● Description of the task: Before repeating the entries below, strip out every picture and keep all else as it is.

START Exercise materials

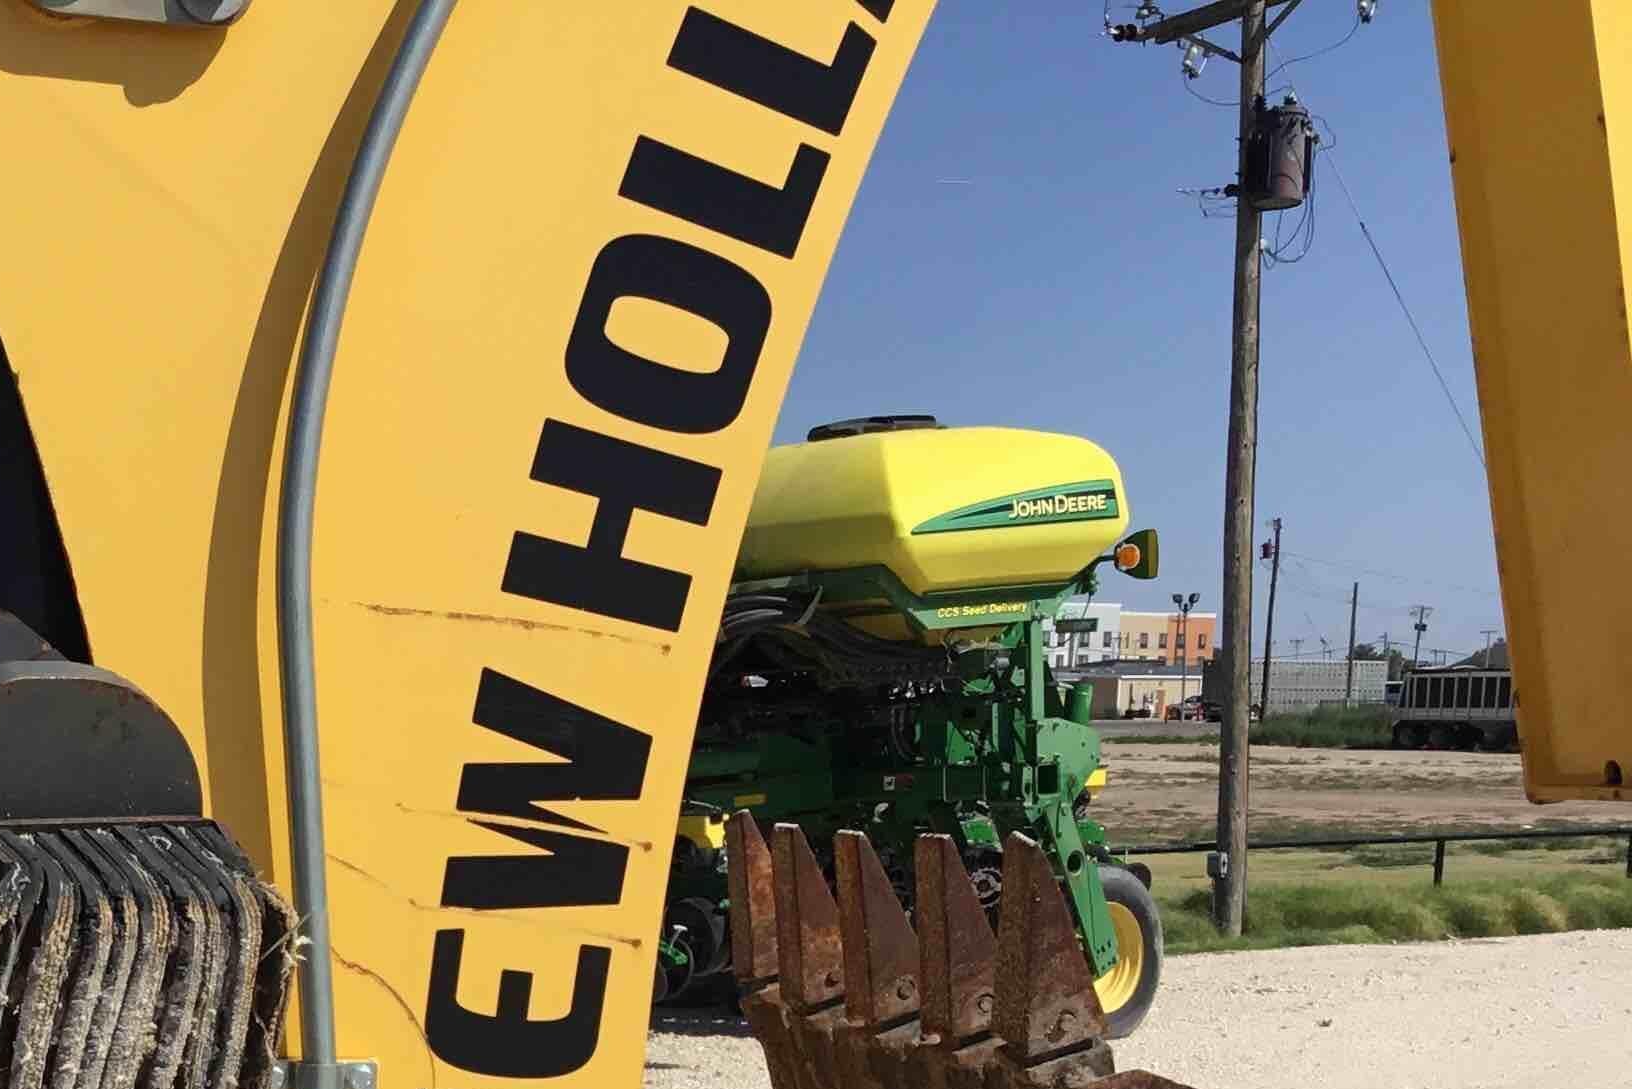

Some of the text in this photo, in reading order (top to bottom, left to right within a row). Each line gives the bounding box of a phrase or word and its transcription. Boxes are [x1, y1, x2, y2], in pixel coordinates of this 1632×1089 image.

[500, 0, 896, 632] HOLL
[1008, 494, 1107, 518] JOHN DEERE
[937, 607, 960, 618] CCS
[962, 604, 988, 616] Seed
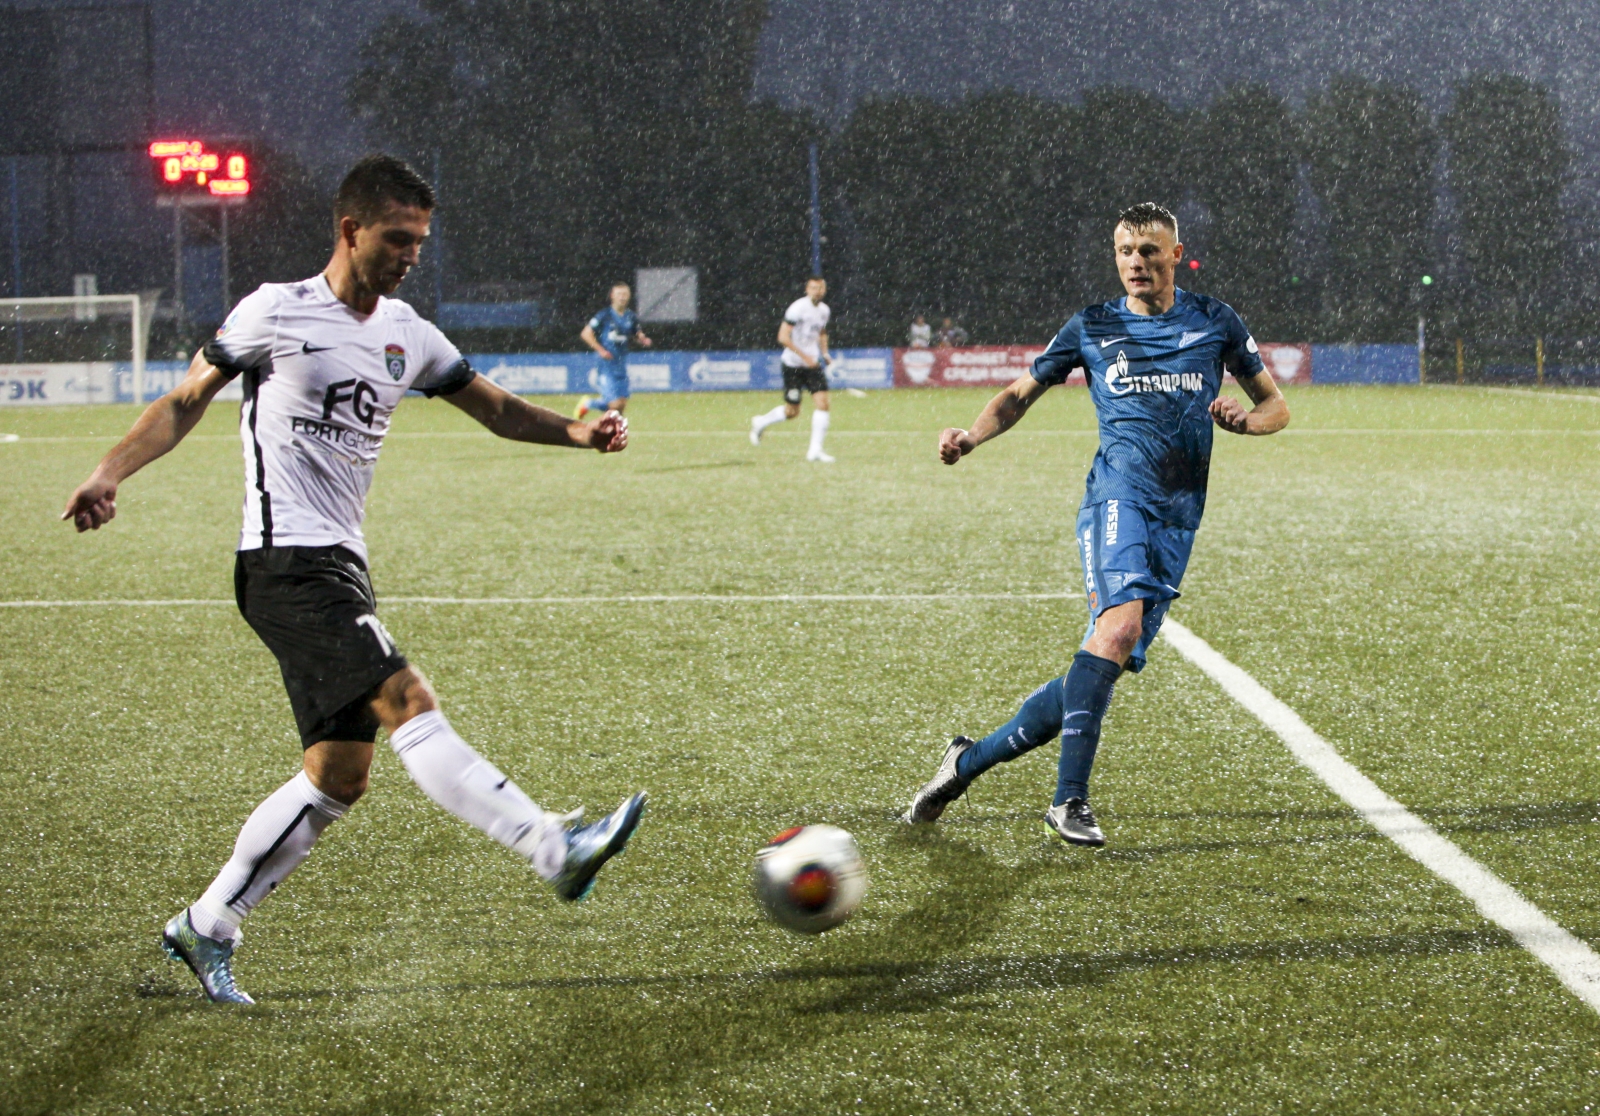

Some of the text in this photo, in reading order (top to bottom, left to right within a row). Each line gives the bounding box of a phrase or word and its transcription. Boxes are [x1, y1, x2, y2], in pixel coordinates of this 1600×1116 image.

[228, 156, 245, 179] 0
[321, 377, 380, 429] FG
[291, 416, 382, 452] FORTGR
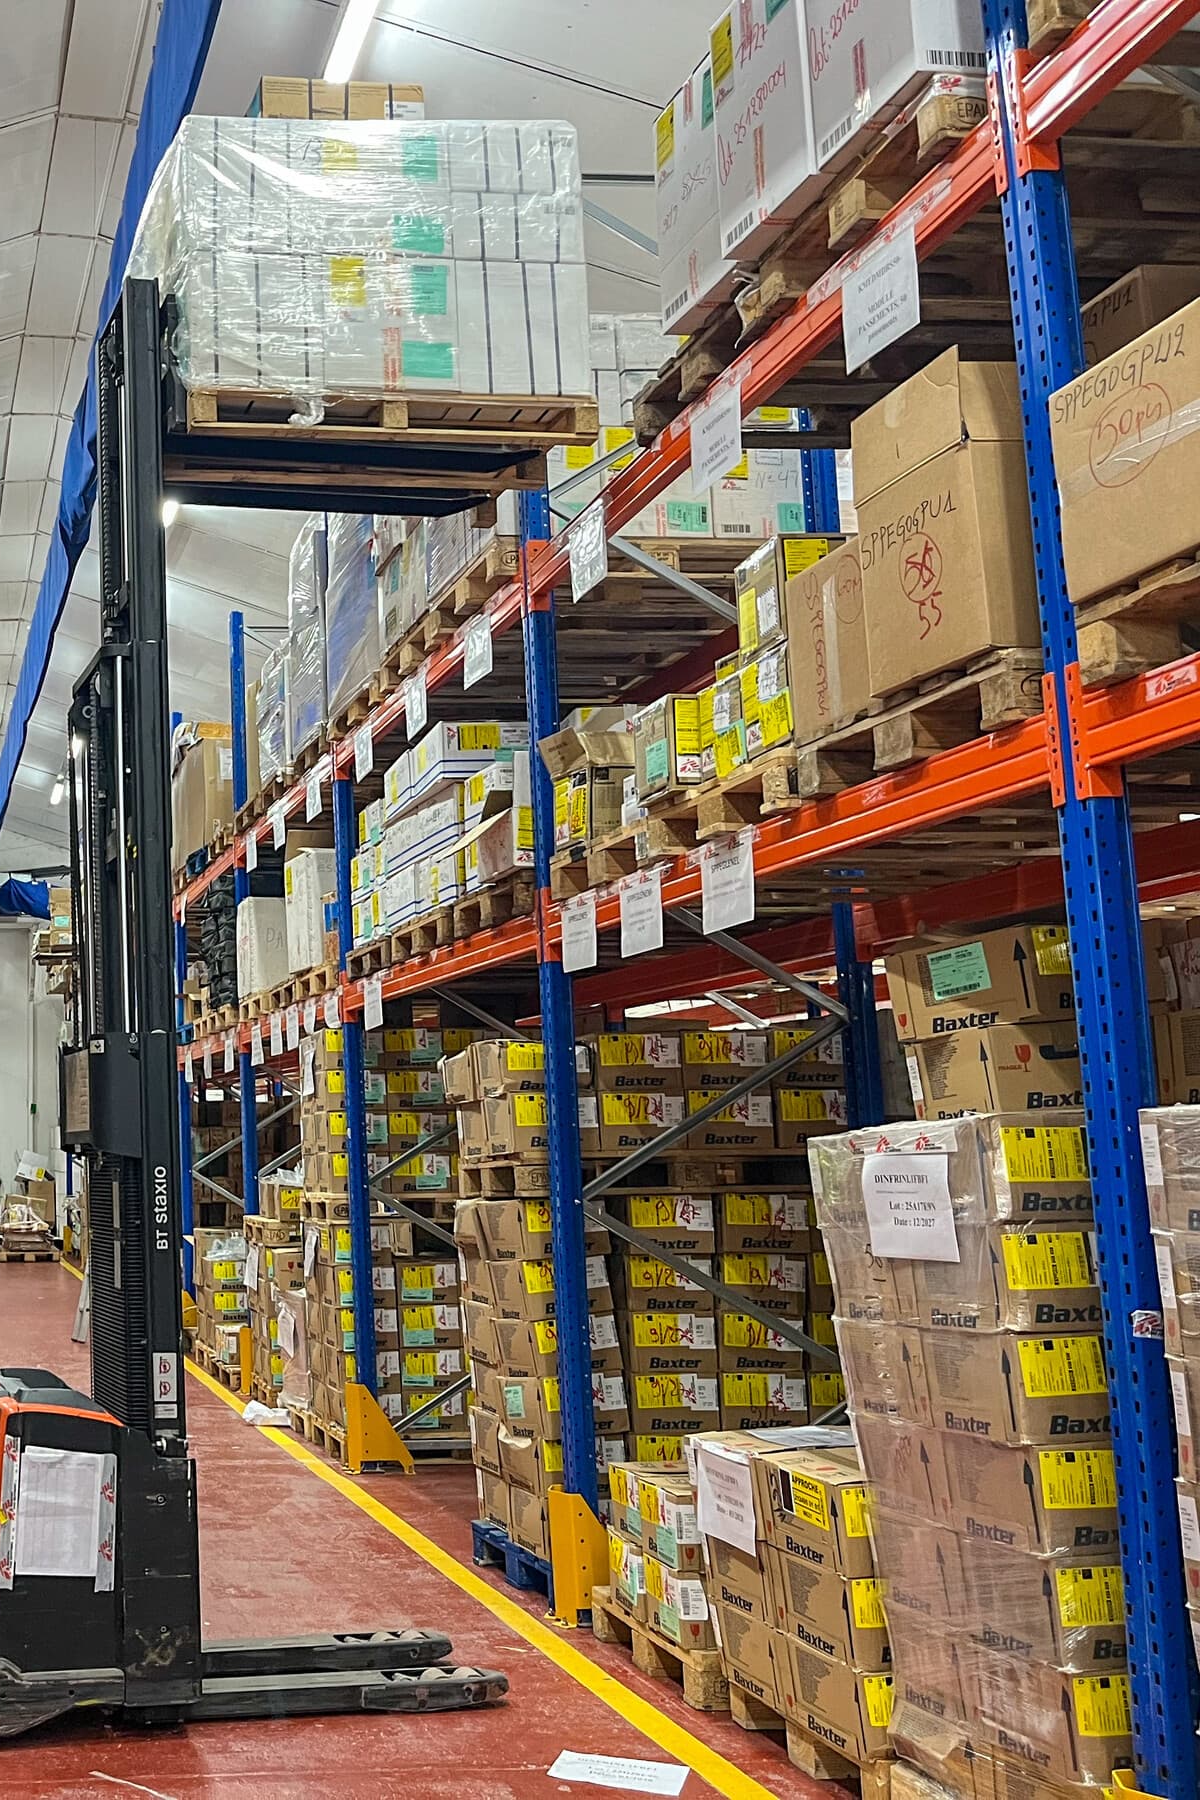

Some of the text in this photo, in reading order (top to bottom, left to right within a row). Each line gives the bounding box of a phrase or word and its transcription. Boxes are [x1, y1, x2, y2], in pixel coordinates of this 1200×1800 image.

[933, 1010, 1000, 1034] Baxter
[520, 1080, 546, 1090] Bax
[615, 1075, 666, 1087] Baxter
[701, 1073, 747, 1085] Baxt
[786, 1071, 839, 1083] Baxter
[1027, 1091, 1085, 1109] Baxt
[618, 1135, 651, 1146] Bax
[705, 1133, 759, 1145] Baxter
[889, 1201, 901, 1211] Lot
[1022, 1192, 1094, 1212] Baxt
[894, 1216, 908, 1227] Date
[156, 1229, 169, 1250] BT
[741, 1237, 794, 1249] Baxter
[647, 1298, 698, 1311] Baxter
[749, 1297, 791, 1310] axter
[931, 1308, 980, 1330] Baxter
[1035, 1303, 1103, 1324] Baxt
[650, 1357, 702, 1370] Baxter
[736, 1356, 788, 1370] Baxter
[513, 1425, 535, 1438] Baxter
[651, 1418, 704, 1430] Baxter
[740, 1417, 793, 1430] Baxter
[944, 1411, 992, 1437] Baxter
[1049, 1415, 1111, 1436] Baxt
[966, 1516, 1016, 1546] Baxter
[1073, 1525, 1120, 1547] Bax
[786, 1535, 826, 1565] Baxter
[721, 1586, 754, 1613] Baxter
[797, 1622, 837, 1656] Baxter
[733, 1668, 765, 1699] Baxter
[904, 1682, 947, 1717] Baxter
[807, 1713, 848, 1751] Baxter
[998, 1729, 1051, 1768] Baxter

END Exercise materials

● Expected output:
Some of the text in this photo, in reading order (top to bottom, left to right within a row). Each line gives the bounding box of a phrase or word and its transcription. Boxes are [x1, y1, x2, y2], in pixel coordinates of this 1632×1089 image.

[500, 0, 896, 632] HOLL
[1008, 494, 1107, 518] JOHN DEERE
[937, 607, 960, 618] CCS
[962, 604, 988, 616] Seed

Some of the text in this photo, in reading order (top to bottom, left to right within a row). Each line gives the bounding box of a phrase or word and its transcription. Boxes are [x1, y1, x2, y2], in pixel coordinates of this 1600×1116 image.

[228, 156, 245, 179] 0
[321, 377, 380, 429] FG
[291, 416, 382, 452] FORTGR

Some of the text in this photo, in reading order (top to bottom, left to right within a row). Each line gives the bounding box of a phrase or word and its transcription. Boxes are [x1, y1, x2, y2], in pixel coordinates of this 1200×1800 image.

[933, 1010, 1000, 1034] Baxter
[520, 1080, 546, 1090] Bax
[615, 1075, 666, 1087] Baxter
[701, 1073, 747, 1085] Baxt
[786, 1071, 839, 1083] Baxter
[1027, 1091, 1085, 1109] Baxt
[618, 1135, 651, 1146] Bax
[705, 1133, 759, 1145] Baxter
[889, 1201, 901, 1211] Lot
[1022, 1192, 1094, 1212] Baxt
[894, 1216, 908, 1227] Date
[156, 1229, 169, 1250] BT
[741, 1237, 794, 1249] Baxter
[647, 1298, 698, 1311] Baxter
[749, 1297, 791, 1310] axter
[931, 1308, 980, 1330] Baxter
[1035, 1303, 1103, 1324] Baxt
[650, 1357, 702, 1370] Baxter
[736, 1356, 788, 1370] Baxter
[513, 1425, 535, 1438] Baxter
[651, 1418, 704, 1430] Baxter
[740, 1417, 793, 1430] Baxter
[944, 1411, 992, 1437] Baxter
[1049, 1415, 1111, 1436] Baxt
[966, 1516, 1016, 1546] Baxter
[1073, 1525, 1120, 1547] Bax
[786, 1535, 826, 1565] Baxter
[721, 1586, 754, 1613] Baxter
[797, 1622, 837, 1656] Baxter
[733, 1668, 765, 1699] Baxter
[904, 1682, 947, 1717] Baxter
[807, 1713, 848, 1751] Baxter
[998, 1729, 1051, 1768] Baxter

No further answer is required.